Though my mother refused to move it to my father, yet I heard afterwards, that she reported all the discourse to him; and that my father, after shewing a great concern at it, said to her, with a sigh, “That boy might be happy if he would stay at home; but if he goes abroad, he will be the most miserable wretch that ever was born—I can give no consent to it.”
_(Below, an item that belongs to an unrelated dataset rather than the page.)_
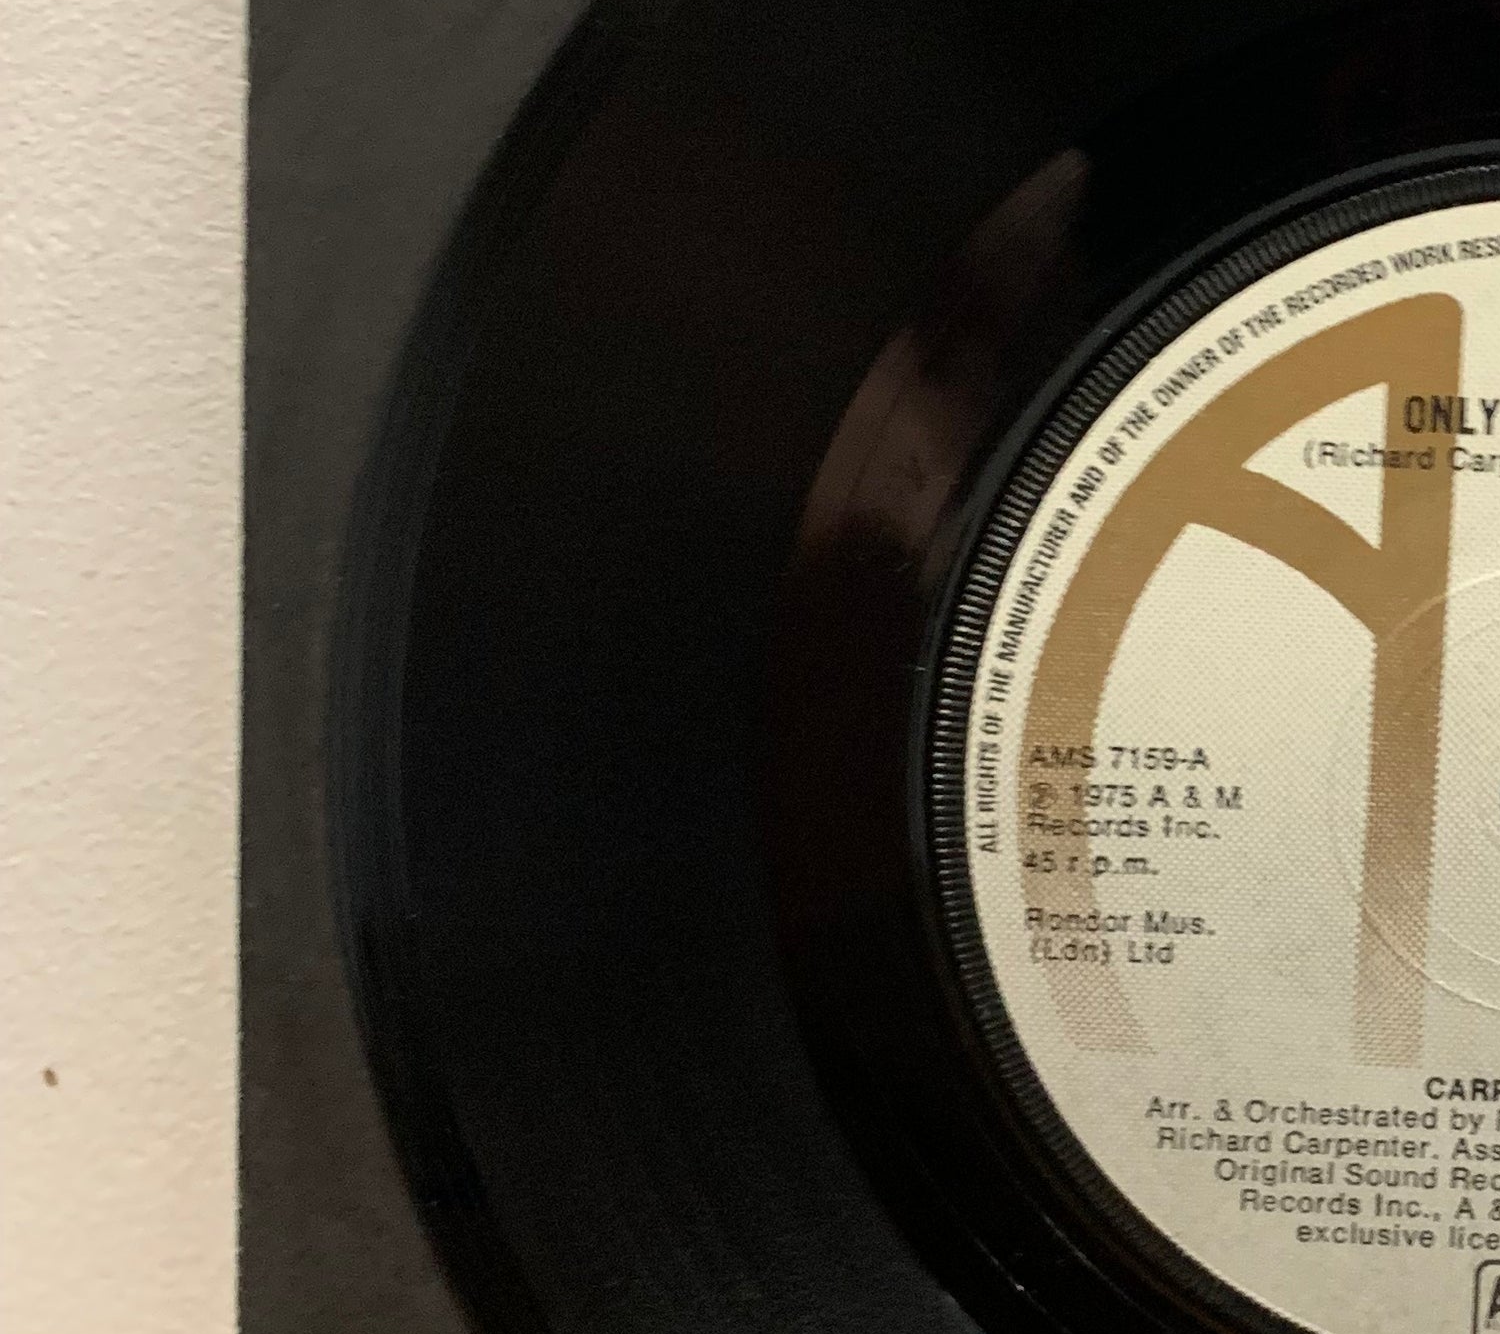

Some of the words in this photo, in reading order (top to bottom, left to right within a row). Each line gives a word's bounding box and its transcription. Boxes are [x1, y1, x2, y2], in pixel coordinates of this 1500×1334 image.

It was not till almost a year after this that I broke loose, though in the meantime I continued obstinately deaf to all proposals of settling to business, and frequently expostulating with my father and mother about their being so positively determined against what they knew my inclinations prompted me to. But being one day at Hull, whither I went casually, and without any purpose of making an elopement that time—but, I say, being there, and one of my companions being going by sea to London, in his father’s ship, and prompting me to go with him, with the common allurement of a sea-faring man, that it should cost me nothing for my passage, I consulted neither father nor mother any more, nor so much as sent them word of it; but leaving them to hear of it as they might, without asking God’s blessing or my father’s, without any consideration of circumstances or consequences, and, in an ill hour, God knows, on the 1st of September 1651, I went on board a ship bound for London. Never any young adventurer’s misfortunes, I believe, began sooner, or continued longer, than mine. The ship was no sooner got out of the Humber, but the wind began to blow, and the sea to rise in a most frightful manner; and as I had never been at sea before, I was most inexpressibly sick in body, and terrified in mind. I began now seriously to reflect upon what I had done, and how justly I was overtaken by the judgment of Heaven for my wicked leaving my father’s house, and abandoning my duty; all the good counsel of my parents, my father’s tears and my mother’s entreaties, came now fresh into my mind; and my conscience, which was not yet come to the pitch of hardness to which it has been since, reproached me with the contempt of advice, and the breach of my duty to God and my father.
All this while the storm increased, and the sea went very high, though nothing like what I have seen many times since—no, nor what I saw a few days after; but it was enough to affect me then, who was but a young sailor, and had never known anything of the matter. I expected every wave would have swallowed us up, and that every time the ship fell down, as I thought it did, in the trough or hollow of the sea, we should never rise more. In this agony of mind, I made many vows and resolutions, that if it would please God to spare my life in this one voyage, if ever I got once my foot upon dry land again, I would go directly home to my father, and never set it into a ship again while I lived; but I would take his advice, and never run myself into such miseries as these any more. Now I saw plainly the goodness of his observations about the middle station of life, how easy, how comfortable, he had lived all his days, and never had been exposed to tempests at sea, nor trouble on shore; and, in short, I resolved that I would, like a true repenting prodigal, go home to my father.
These wise and sober thoughts continued all the while the storm continued, and indeed some time after; but the next day the wind was abated, and the sea calmer, and I began to be a little inured to it. However, I was very grave for all that day, being also a little sea-sick still; but towards night the weather cleared up, the wind was quite over, and a charming fine evening followed; the sun went down perfectly clear, and rose so the next morning; and having little or no wind, and a smooth sea, the sun shining upon it, the sight was, as I thought, the most delightful that ever I saw.